Bush v. SECO Electric Co.
United States Court of Appeals for the Seventh Circuit
118 F.3d 519 (1997)
- Written by Lauren Petersen, JD
Facts
Jerri Bush (plaintiff) worked at Rumpke Recycling, Inc. (Rumpke), a recycling plant for aluminum cans. SECO Electric Company (SECO) (defendant) installed the wiring for a can conveyor that moved cans within a pit into a hopper. If the conveyor left some cans behind, an employee would descend into the pit, gather the cans, and haul them out of the pit. Cans were not supposed to be fed into the conveyor manually from within the pit, and the safety protocol was to shut off the conveyor from outside the pit prior to entering it. There was no emergency shut-off button in the pit where employees would be cleaning up extraneous cans. A month after SECO installed the conveyor, Bush performed pit duty for the first time. Unaware of the safety protocol, she left the conveyor running and shoveled the loose cans directly onto the conveyor. The conveyor caught Bush’s clothes, and she lost her arm. Bush sued SECO for negligently failing to wire an emergency shut-off switch inside the pit.

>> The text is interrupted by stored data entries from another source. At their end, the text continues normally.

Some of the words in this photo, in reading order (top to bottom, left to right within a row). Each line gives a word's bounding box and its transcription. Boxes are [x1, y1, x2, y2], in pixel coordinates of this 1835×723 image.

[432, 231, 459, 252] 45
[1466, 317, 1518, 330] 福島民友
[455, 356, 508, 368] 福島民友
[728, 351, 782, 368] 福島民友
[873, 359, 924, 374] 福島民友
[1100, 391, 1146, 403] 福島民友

SECO moved for summary judgment, arguing that under Indiana law, the acceptance rule barred liability between SECO and Bush. The acceptance rule provided that a contractor’s duty of care extended only to the party with whom it held a contract, or had privity. After an owner accepts a contractor’s work, the owner becomes exclusively liable for injury arising from the work. SECO argued that once Rumpke accepted SECO’s installation of the conveyor’s wiring, Rumpke became solely liable for injuries caused by the conveyor’s defects, because SECO lacked privity with the conveyor’s users. The district court agreed that SECO did not owe Bush a duty of care and granted SECO’s motion for summary judgment. Bush appealed.
Rule of Law
Issue
Holding and Reasoning (Cudahy, J.)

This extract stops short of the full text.